Many profitability models are backward-looking, used only for a "reward mechanism." By way of contrast, the λ Profitability Model is a decision-support system that enables credit, lending, ALCO, risk management and financial reporting departments to work together coherently. The model includes CECL, expected and unexpected credit losses, interest rate risk, and non-interest income/expense allocation. The model is also consistent with capital market pricing for transactional activities.  

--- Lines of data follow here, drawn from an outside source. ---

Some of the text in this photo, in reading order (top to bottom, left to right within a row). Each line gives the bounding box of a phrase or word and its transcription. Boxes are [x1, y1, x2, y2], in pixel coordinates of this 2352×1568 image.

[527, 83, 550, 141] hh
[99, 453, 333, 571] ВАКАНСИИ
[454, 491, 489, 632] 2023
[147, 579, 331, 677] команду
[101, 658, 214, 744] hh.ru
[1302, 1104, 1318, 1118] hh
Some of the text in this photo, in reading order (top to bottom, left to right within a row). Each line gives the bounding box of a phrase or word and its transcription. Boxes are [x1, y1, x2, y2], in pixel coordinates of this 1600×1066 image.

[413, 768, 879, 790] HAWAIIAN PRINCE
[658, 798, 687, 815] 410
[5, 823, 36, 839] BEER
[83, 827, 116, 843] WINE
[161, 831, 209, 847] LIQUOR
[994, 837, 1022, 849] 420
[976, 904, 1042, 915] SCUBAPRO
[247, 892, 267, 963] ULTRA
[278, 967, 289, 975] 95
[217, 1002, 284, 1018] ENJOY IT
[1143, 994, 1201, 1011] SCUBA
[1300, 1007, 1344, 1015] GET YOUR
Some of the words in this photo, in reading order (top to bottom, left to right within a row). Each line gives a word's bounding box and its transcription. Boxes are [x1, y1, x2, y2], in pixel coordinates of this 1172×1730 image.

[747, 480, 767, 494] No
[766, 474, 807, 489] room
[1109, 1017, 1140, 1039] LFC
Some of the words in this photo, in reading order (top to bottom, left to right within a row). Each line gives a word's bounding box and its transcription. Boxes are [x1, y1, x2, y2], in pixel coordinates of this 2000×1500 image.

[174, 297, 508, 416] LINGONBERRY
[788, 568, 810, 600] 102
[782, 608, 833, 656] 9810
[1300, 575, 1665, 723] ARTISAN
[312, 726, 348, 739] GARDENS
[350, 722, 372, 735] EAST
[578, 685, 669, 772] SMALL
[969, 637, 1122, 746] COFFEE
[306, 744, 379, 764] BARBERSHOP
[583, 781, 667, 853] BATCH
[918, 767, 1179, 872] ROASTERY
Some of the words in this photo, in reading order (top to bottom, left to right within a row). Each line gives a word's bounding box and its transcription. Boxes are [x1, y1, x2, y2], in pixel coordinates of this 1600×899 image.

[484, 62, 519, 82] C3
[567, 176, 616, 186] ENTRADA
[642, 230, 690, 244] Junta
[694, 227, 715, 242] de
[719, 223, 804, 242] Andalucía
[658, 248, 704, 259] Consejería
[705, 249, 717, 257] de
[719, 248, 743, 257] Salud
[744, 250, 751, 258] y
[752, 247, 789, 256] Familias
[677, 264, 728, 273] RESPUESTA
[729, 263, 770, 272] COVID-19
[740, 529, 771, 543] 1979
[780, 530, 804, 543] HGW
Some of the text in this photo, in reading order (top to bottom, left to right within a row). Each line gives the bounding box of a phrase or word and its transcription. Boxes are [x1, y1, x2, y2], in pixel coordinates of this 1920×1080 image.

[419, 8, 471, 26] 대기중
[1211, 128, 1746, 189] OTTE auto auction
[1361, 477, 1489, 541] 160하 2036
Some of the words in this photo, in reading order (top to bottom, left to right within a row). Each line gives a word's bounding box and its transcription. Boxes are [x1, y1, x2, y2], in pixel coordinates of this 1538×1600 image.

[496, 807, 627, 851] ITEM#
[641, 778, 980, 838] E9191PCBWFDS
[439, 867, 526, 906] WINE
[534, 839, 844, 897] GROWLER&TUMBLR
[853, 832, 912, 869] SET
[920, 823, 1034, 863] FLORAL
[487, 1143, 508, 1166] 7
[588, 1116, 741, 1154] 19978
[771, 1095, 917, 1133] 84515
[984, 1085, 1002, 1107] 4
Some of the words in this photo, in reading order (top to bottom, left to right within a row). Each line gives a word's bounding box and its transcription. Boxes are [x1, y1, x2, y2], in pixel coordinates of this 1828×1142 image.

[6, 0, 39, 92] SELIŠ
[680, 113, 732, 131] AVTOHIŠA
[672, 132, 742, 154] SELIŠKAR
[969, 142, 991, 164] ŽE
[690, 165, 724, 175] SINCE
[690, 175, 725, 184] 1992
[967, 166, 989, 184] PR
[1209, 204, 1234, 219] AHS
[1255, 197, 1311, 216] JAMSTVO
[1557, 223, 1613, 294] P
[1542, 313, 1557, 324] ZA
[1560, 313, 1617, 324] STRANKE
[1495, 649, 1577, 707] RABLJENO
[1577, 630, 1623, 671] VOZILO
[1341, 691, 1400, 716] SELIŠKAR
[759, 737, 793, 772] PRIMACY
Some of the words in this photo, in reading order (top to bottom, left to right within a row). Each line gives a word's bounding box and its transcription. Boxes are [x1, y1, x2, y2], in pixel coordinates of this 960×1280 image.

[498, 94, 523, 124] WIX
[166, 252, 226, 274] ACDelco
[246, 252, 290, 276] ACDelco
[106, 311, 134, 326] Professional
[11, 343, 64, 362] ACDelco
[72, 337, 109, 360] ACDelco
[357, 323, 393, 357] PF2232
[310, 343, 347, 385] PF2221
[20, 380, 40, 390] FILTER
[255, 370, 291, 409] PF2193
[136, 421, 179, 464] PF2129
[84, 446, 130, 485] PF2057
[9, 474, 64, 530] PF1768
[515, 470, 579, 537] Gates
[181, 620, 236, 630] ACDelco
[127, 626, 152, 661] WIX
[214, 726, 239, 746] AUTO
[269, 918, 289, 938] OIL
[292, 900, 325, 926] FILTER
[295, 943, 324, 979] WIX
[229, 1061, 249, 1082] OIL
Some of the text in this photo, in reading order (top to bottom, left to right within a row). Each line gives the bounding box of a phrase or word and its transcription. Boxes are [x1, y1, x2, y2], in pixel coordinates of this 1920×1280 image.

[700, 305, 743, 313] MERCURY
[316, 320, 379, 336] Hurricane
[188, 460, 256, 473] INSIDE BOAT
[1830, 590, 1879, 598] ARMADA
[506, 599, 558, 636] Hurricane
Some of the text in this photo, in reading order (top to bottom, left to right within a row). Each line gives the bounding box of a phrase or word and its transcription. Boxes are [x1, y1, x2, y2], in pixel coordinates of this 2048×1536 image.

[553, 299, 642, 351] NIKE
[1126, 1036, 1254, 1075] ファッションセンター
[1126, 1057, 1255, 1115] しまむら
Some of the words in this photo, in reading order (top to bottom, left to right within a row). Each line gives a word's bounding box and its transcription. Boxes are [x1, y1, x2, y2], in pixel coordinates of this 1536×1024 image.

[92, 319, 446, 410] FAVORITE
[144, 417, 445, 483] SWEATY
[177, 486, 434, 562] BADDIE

This product-based profitability approach can be used for strategic and tactical decisions

Challenge
Changing regulatory and market forces have adversely impacted profitability, causing community banks and credit unions to ask the following questions:

  • Which products are profitable?
  • Are we pricing at optimal rates?
  • Is it beneficial to match competitors' rates?
  • How should overhead expenses be allocated?
  • What is the best way to match funding costs to measure profitability?
 
The THC λ lambda approach enables banks to optimize lending/investment decisions to enhance ROE, adjusting for risk, and expense allocation. Consistent with the capital market and general ledger.

The λ Lambda Model was developed in response to the urgent needs of community banks and credit unions today. First, the introduction of CECL, a dynamic measure of credit risk. CECL should be viewed as an opportunity to manage the balance sheet rather than a regulatory burden. Second, backward-looking profitability models, used only for a "reward mechanism". Profitability should be forward-looking, consistent with capital market pricing and based on detailed characteristics of loans and deposits while considering customer behavior.  Third, profitability models should be dynamic and used as a decision-support system to enable management to enhance bank performance.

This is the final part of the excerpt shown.